(Here be spoilers if you are yet to see the James Bond movies...)The Mission
The Moonraker shuttle gets hijacked in mid-air and James Bond is sent to investigate it's disappearance. He stumbles upon some secret experiments being conducted by Hugo Drax (Michael Lonsdale), the man behind the Moonraker project, and discovers an ambitious scheme to poison humanity that leads him to a hidden space station.
Jimmy Bond Yo!
One thing I noticed about Moonraker was the bit where Bond is almost killed by a centrifugal force in an astronaut-training facility... he's visibly more affected by the experience than by anything else in his spy career so far, and for once he doesn't have a foolhardy quip. He also seems out of his depth in a space shuttle but remains cool and collected at all times, even when the Moonraker shuttle looks like it's about to burn up on re-entry. Bond does however know something about rare Orinoco plants, which stretches credibility a little.
Roger Moore breezes through the role with his trademark qualities of barely-contained mirth and a certain quizzicalness. He looks perhaps a little too comfortable in a Venetian ribbon-hat and loose open-necked shirt.
Villainy
Hugo Drax is a space tycoon who lives in a grandiose chalet that has been improbably transported from France to California brick-by-brick. He's cultured, plays the piano, enjoys hunting, and keeps highly-trained Doberman Pinschers that kill on command. His plan is to repopulate the Earth with genetically-superior humans after killing everyone with a special nerve gas whilst he and his 'children' wait the holocaust out on a space station. The character and his plans are virtually a direct retread of Stromberg from The Spy Who Loved Me, substituting space for water (and an anaconda for a shark).

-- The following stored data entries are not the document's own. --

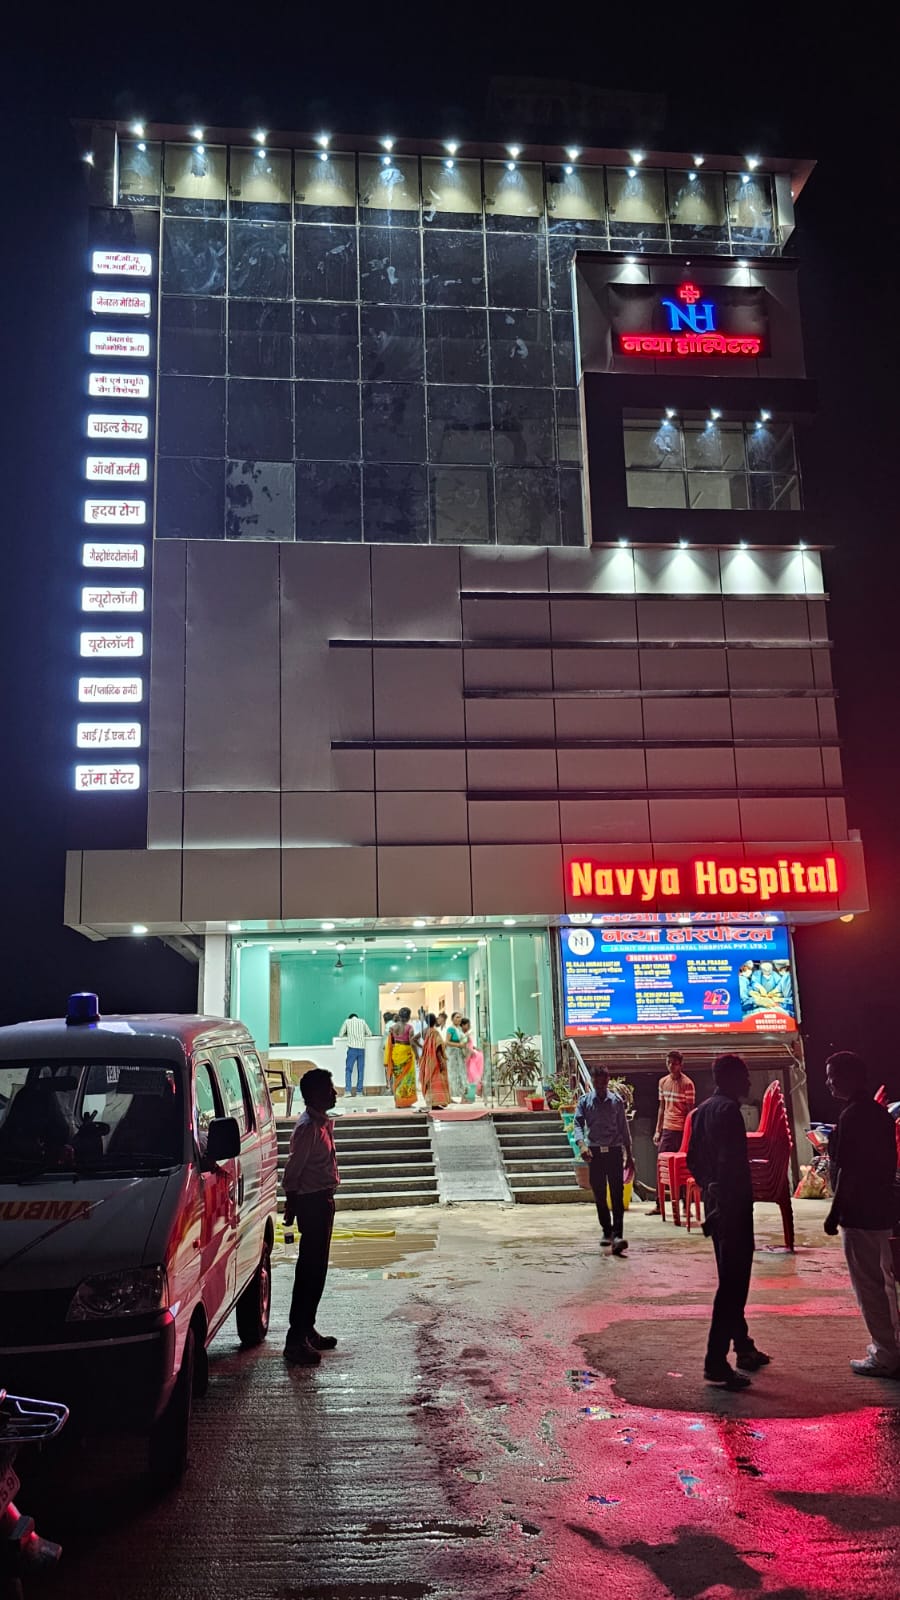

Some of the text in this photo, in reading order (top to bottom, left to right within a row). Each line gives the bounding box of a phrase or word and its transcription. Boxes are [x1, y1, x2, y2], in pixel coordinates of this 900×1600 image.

[622, 334, 760, 354] नव्या हॉस्पिटल
[92, 418, 143, 434] चाइल्ड केयर
[91, 502, 141, 520] हृदय रोग
[87, 634, 135, 653] यूरोलॉजी
[80, 769, 108, 787] ट्रॉमा
[570, 857, 839, 901] Navya Hospital
[601, 928, 662, 943] नव्या
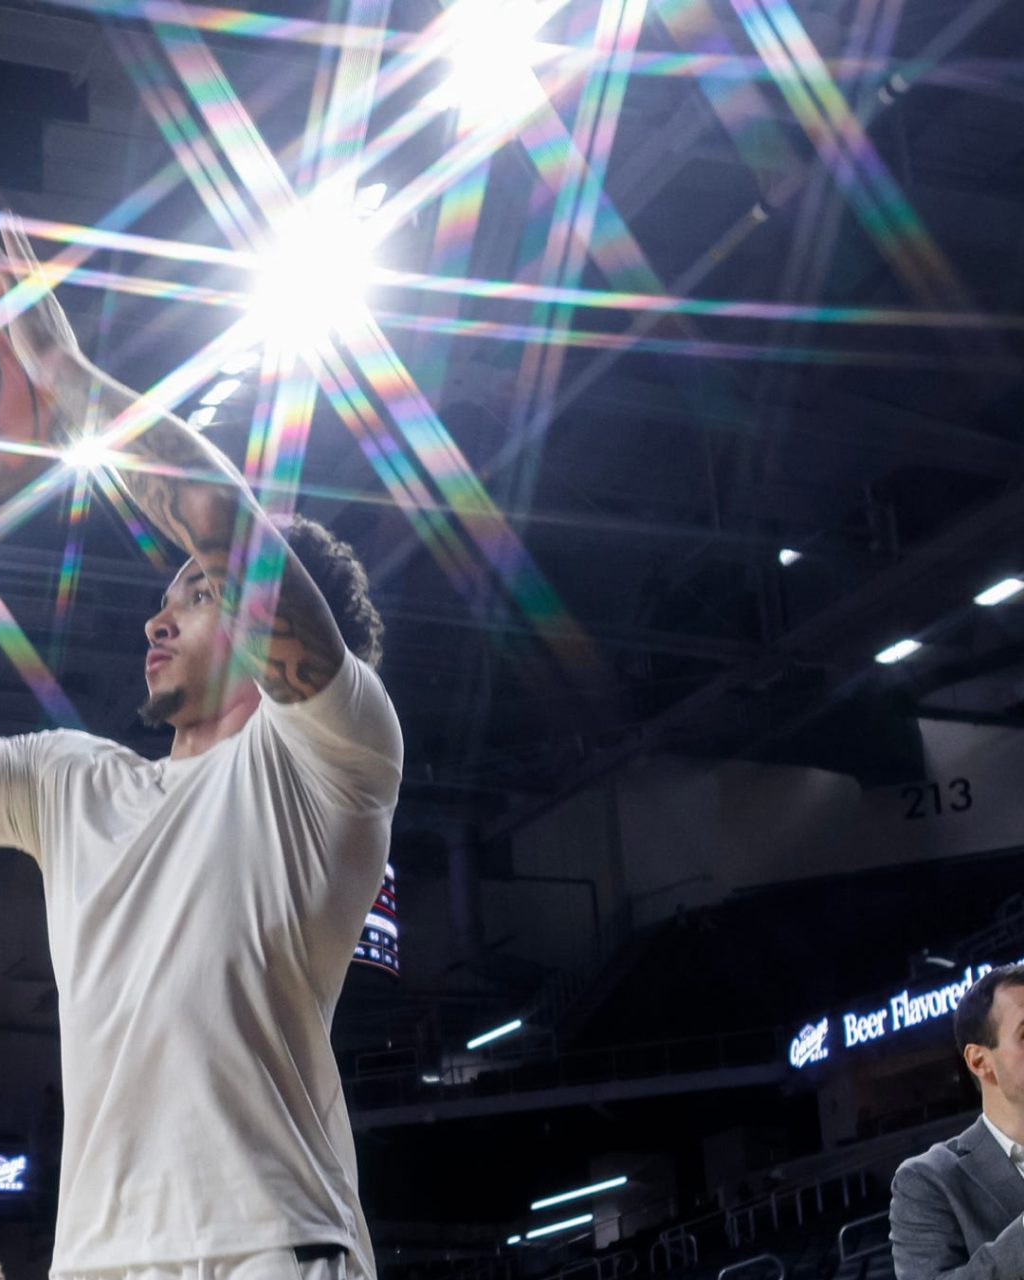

The unkillable Jaws (Richard Kiel) returns but his presence is mostly played for laughs this time around. He's evidently not very bright - he tries to convert a regular speedboat into a hang glider when he sees 007 do the same with his own specially-modified boat. Jaws is working for Drax now, which is faintly ridiculous in itself - do henchmen like Jaws advertise their services somewhere? How is it that he was able to find work with yet another world-threatening megalomaniac? Most memorably, Jaws becomes an unlikely ally of Bond during the film's climax, and even gets to speak a line of dialogue in one of his final scenes.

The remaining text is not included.